Family of the victims wanted to attend execution scheduled July 13, but was scared to travel because of coronavirus.

In this March 17, 2003 file photo, guard towers and razor wire ring the compound at the U.S. Penitentiary in Terre Haute, Ind., the site of the last federal execution. Democratic presidential candidat
Daniel Lewis Lee was scheduled to be executed by lethal injection at the US Penitentiary in Terre Haute, Indiana on July 13, but a judge has blocked it, after the victims' family sued [File:Michael Conroy/The Associated Press]

A federal judge in Indiana in the United States halted on Friday the first federal execution planned in 17 years, citing concerns over the coronavirus by the victims’ family.

Daniel Lee, 47, had been scheduled to die by lethal injection on Monday. Lee, of Yukon, Oklahoma, was convicted in Arkansas of the 1996 killings of gun dealer William Mueller, his wife, Nancy, and her 8-year-old daughter, Sarah Powell.

But Chief District Judge Jane Magnus-Stinson ruled that the execution would be put on hold because the family of the victims wanted to attend but were afraid of travelling during the coronavirus pandemic, which has killed more than 130,000 people and is ravaging prisons nationwide.

Following the ruling, the Justice Department immediately notified the 7th US Circuit Court of Appeals that it would be appealing Magnus-Stinson’s decision.

Attorney General William Barr has said part of the reason to resume executions was to carry out the sentences imposed by the court and to deliver a sense of justice to the victim’s families; the relatives of those killed by Lee did not want that.

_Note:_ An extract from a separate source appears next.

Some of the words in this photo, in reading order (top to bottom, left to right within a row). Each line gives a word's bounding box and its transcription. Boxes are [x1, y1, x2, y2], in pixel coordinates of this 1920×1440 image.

They have pleaded for years that Lee instead should receive the same life sentence as the ringleader in the deadly scheme. The relatives, including Earlene Branch Peterson, who lost her daughter and granddaughter in the killings, had urged the Trump administration for months not to move forward with the death sentence and had argued their grief is compounded by the push to execute Lee in the middle of a pandemic.

Death penalty
A gurney at a jail in Huntsville, Texas where executions take place. [File: Pat Sullivan/AP Photo]

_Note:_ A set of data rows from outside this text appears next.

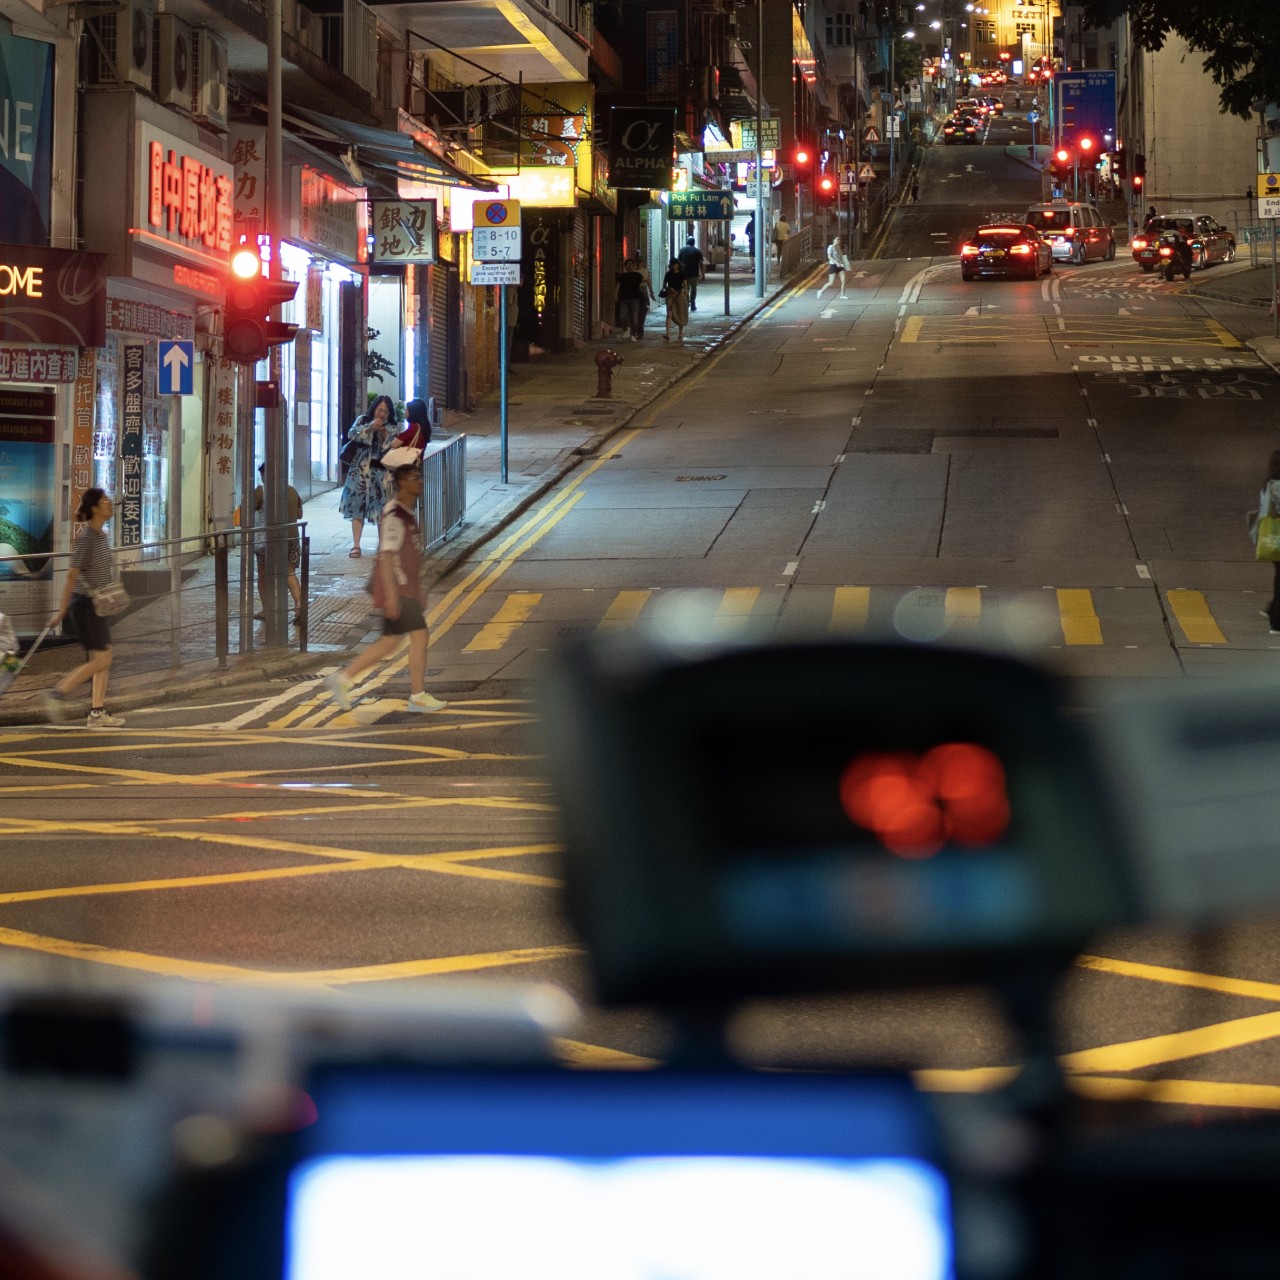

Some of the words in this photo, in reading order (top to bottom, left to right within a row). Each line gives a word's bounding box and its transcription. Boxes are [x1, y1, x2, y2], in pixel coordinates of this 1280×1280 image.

[232, 138, 261, 200] 銀力
[164, 150, 232, 252] 中原地產
[672, 193, 687, 202] Pok
[690, 193, 700, 202] Fu
[703, 193, 719, 202] Lam
[490, 231, 518, 241] 8-10
[491, 247, 511, 257] 5-7

“The harm to Ms. Peterson, for example, is being forced to choose whether being present for the execution of a man responsible for the death of her daughter and granddaughter is worth defying her doctor”s orders and risking her own life,” the judge wrote.

The injunction delays the execution until there is no longer such an emergency. The court order applies only to Lee’s execution and does not halt two other executions that are scheduled for later next week.

The decision to proceed with the executions had been criticised as a dangerous and political move. Critics argued the government is, instead, creating an unnecessary and manufactured urgency about a topic that is not high on the list of American concerns right now.

Chevie Kehoe, whom prosecutors described as the ringleader, recruited Lee in 1995 for his white supremacist organisation. Two years later, they were arrested for the killings of the Muellers and Sarah in Tilly, Arkansas, about 75 miles (120 kilometres) northwest of Little Rock. At their 1999 trial, prosecutors said Kehoe, of Colville, Washington, and Lee stole guns and $50,000 in cash from the Muellers as part of their plan to establish a whites-only nation.

Lee’s lawyers also cited evidence from his trial that Kehoe actually killed Sarah.

The executions appeared set to happen following a Supreme Court decision refusing to block them and a lower court affirming the ruling. It is not clear what will happen with the other scheduled executions, which are scheduled next week for Wednesday and Friday.

Wesley Ira Purkey, of Kansas, who raped and murdered a 16-year-old girl and killed an 80-year-old woman, is scheduled to die Wednesday. Dustin Lee Honken, who killed five people in Iowa, including two children, is scheduled to be executed Friday.

Keith Dwayne Nelson, scheduled to be executed in August, was convicted of kidnapping a 10-year-old girl while she was rollerblading in front of her Kansas home, raping her in a forest behind a church and then strangling her.